TASK BRIEF >> Each entry below must come back exactly as written, without its pictures.

STUDY MATERIAL >>
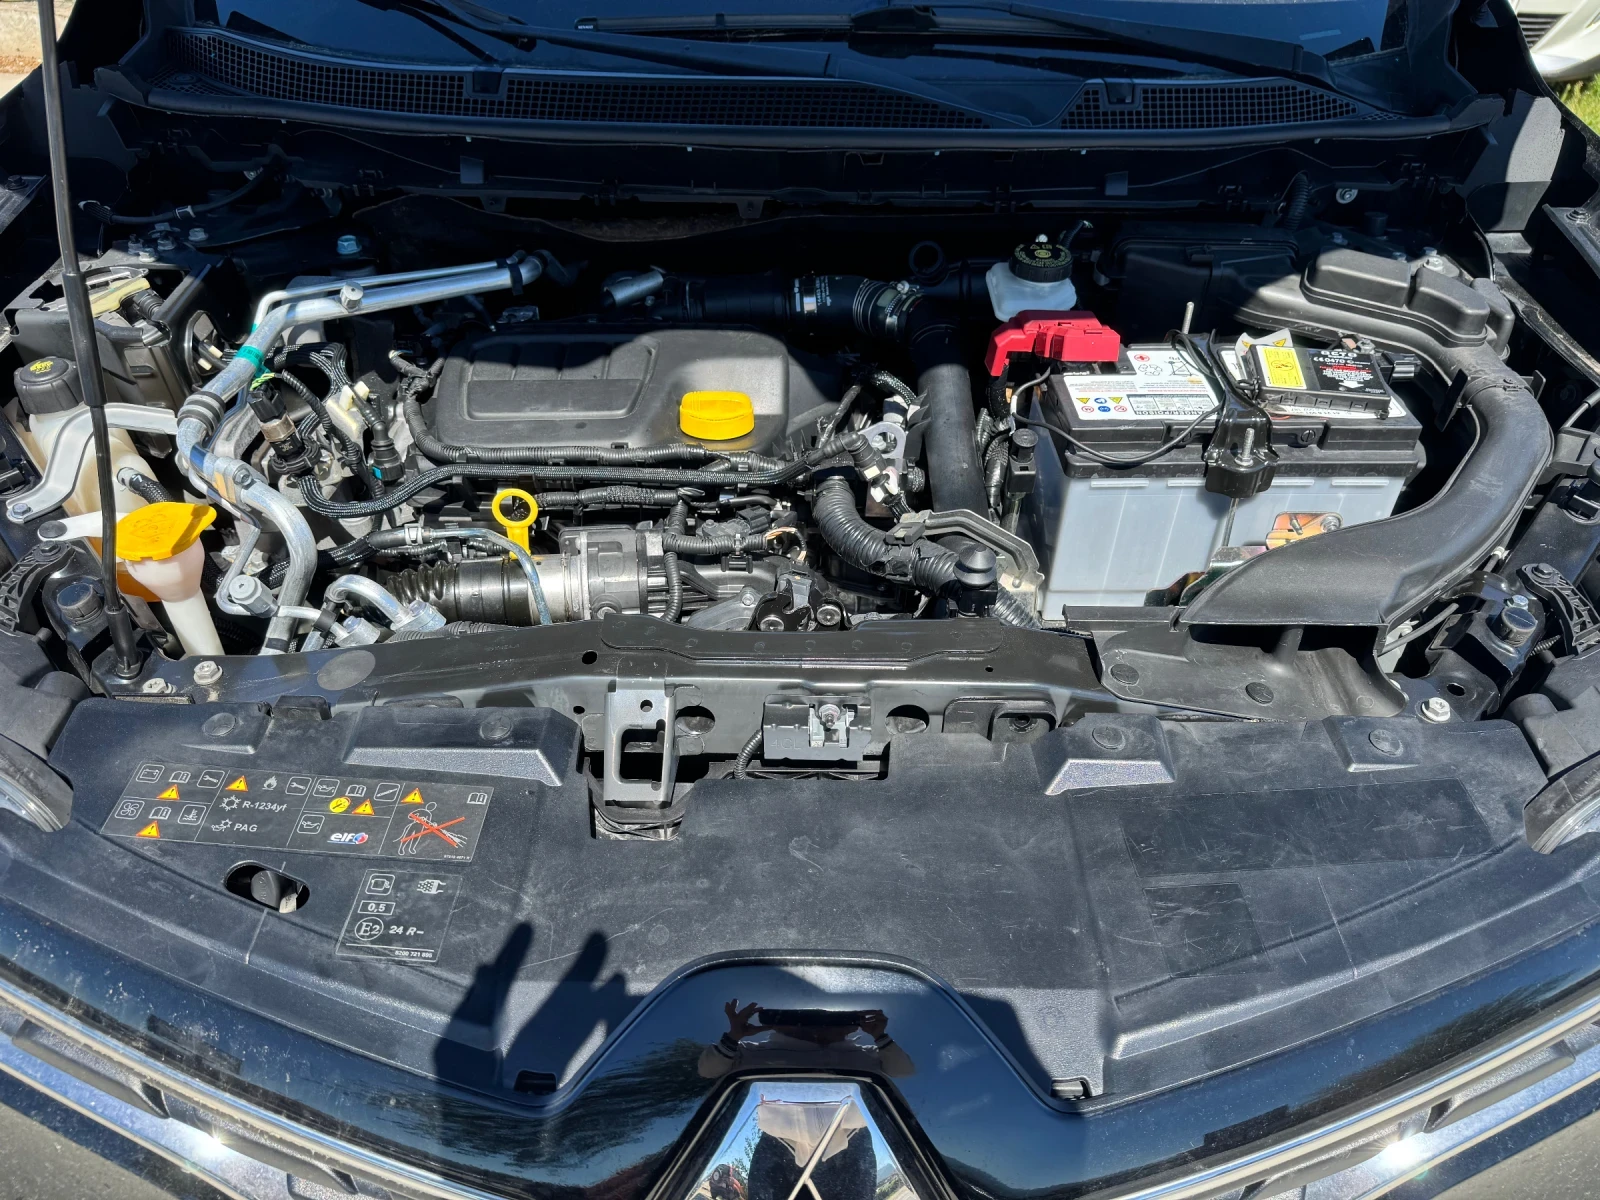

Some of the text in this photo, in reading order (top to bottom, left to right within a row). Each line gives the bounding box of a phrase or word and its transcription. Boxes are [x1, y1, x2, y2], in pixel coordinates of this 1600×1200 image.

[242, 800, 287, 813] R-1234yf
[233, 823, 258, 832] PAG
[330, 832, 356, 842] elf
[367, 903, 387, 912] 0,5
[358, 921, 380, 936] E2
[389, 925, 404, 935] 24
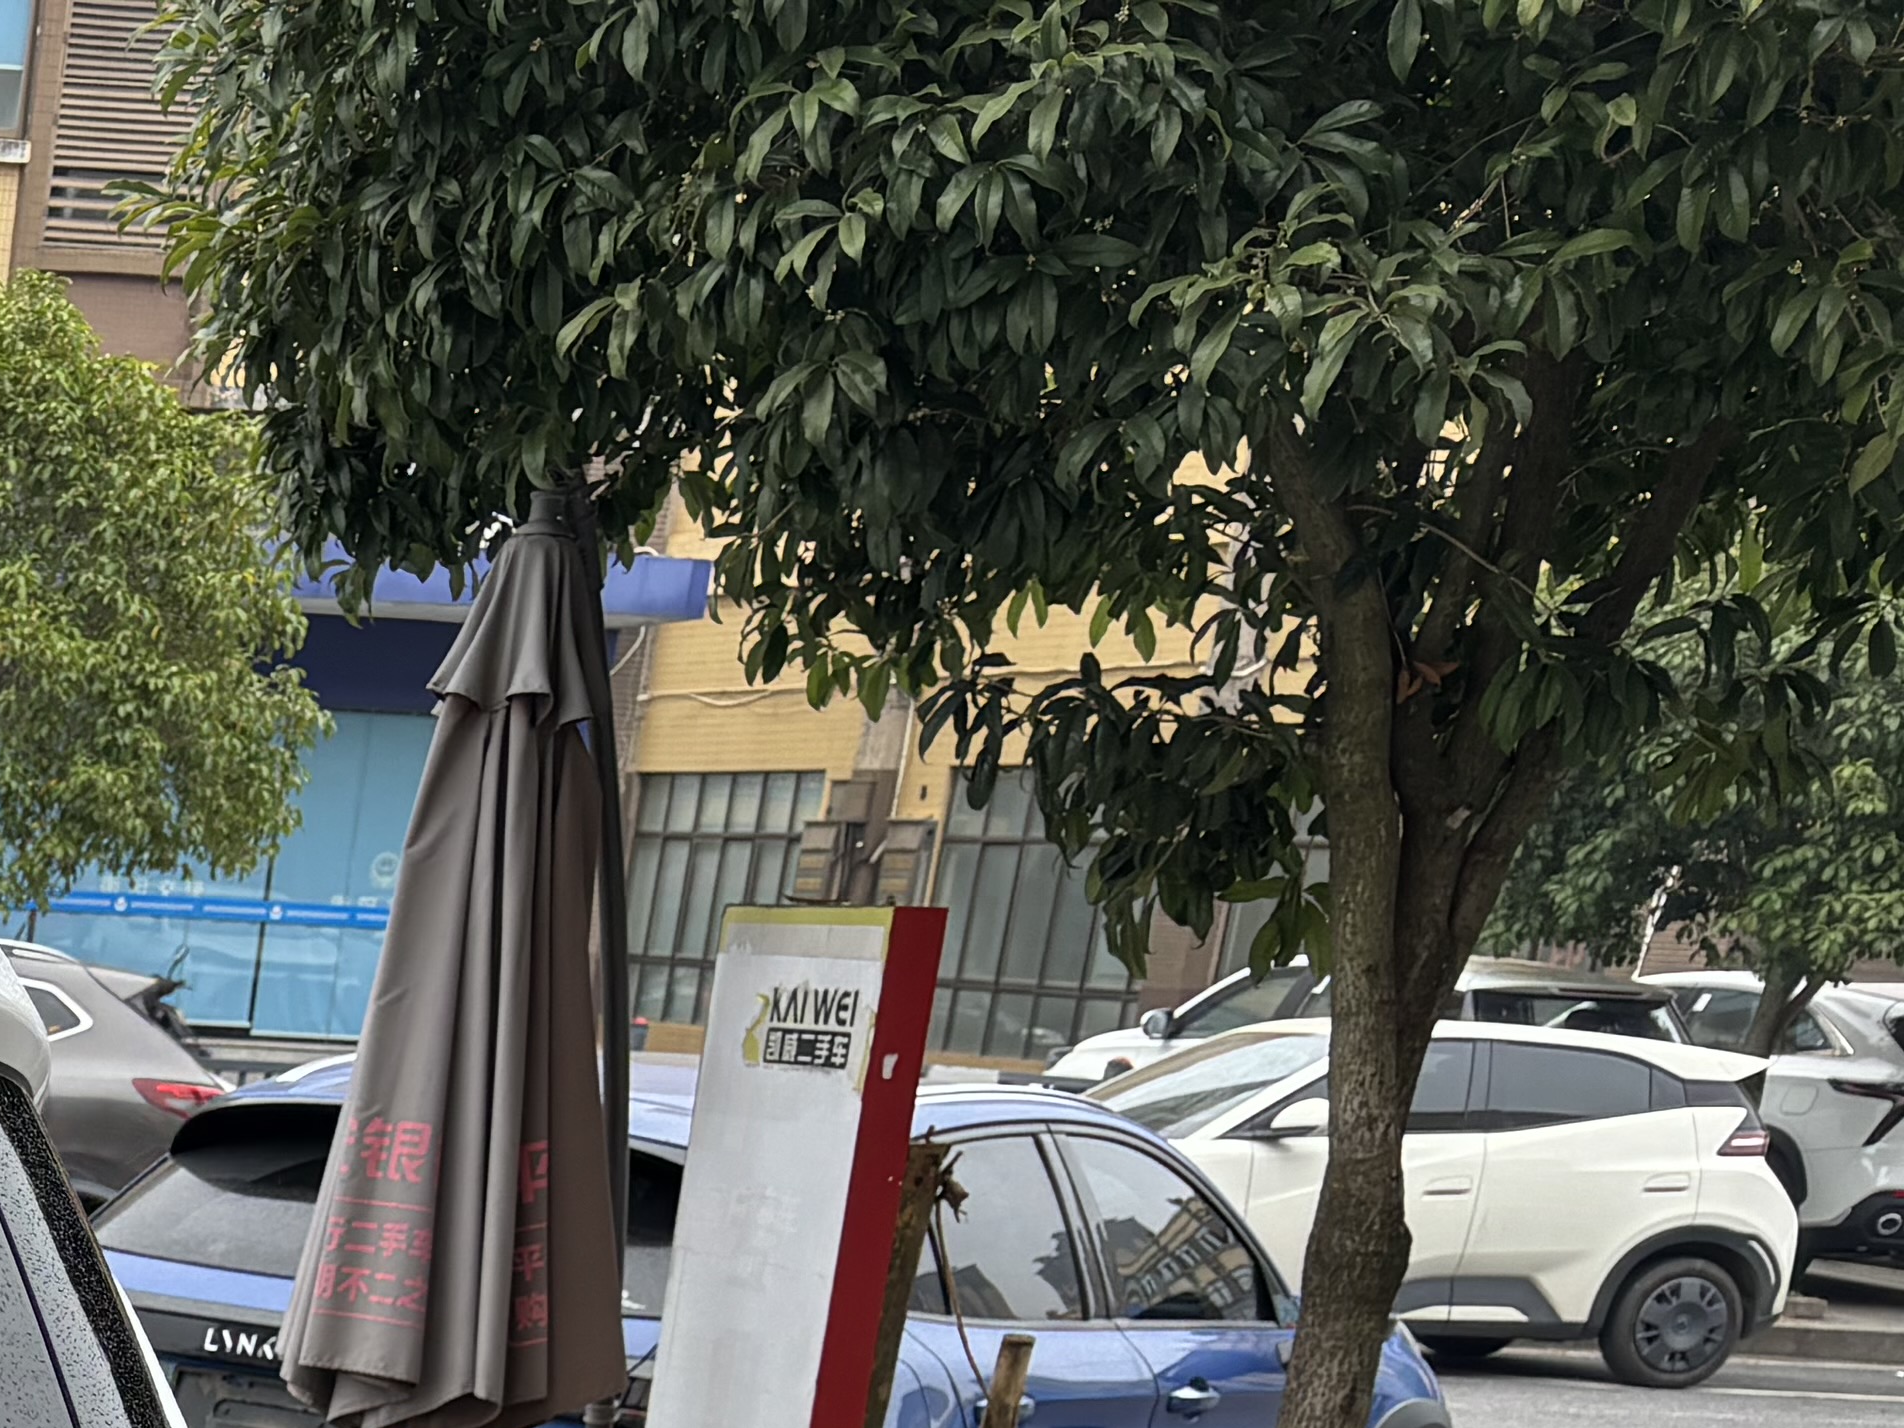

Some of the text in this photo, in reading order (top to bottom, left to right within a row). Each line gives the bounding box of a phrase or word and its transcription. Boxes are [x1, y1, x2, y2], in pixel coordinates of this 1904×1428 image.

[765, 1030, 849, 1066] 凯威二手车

ANSWER TO THE EXERCISE >>
Some of the text in this photo, in reading order (top to bottom, left to right within a row). Each line gives the bounding box of a phrase or word and its transcription. Boxes are [x1, y1, x2, y2], in pixel coordinates of this 1600×1200 image.

[242, 800, 287, 813] R-1234yf
[233, 823, 258, 832] PAG
[330, 832, 356, 842] elf
[367, 903, 387, 912] 0,5
[358, 921, 380, 936] E2
[389, 925, 404, 935] 24

Some of the text in this photo, in reading order (top to bottom, left to right within a row). Each line gives the bounding box of a phrase or word and its transcription. Boxes are [x1, y1, x2, y2], in pixel coordinates of this 1904×1428 image.

[765, 1030, 849, 1066] 凯威二手车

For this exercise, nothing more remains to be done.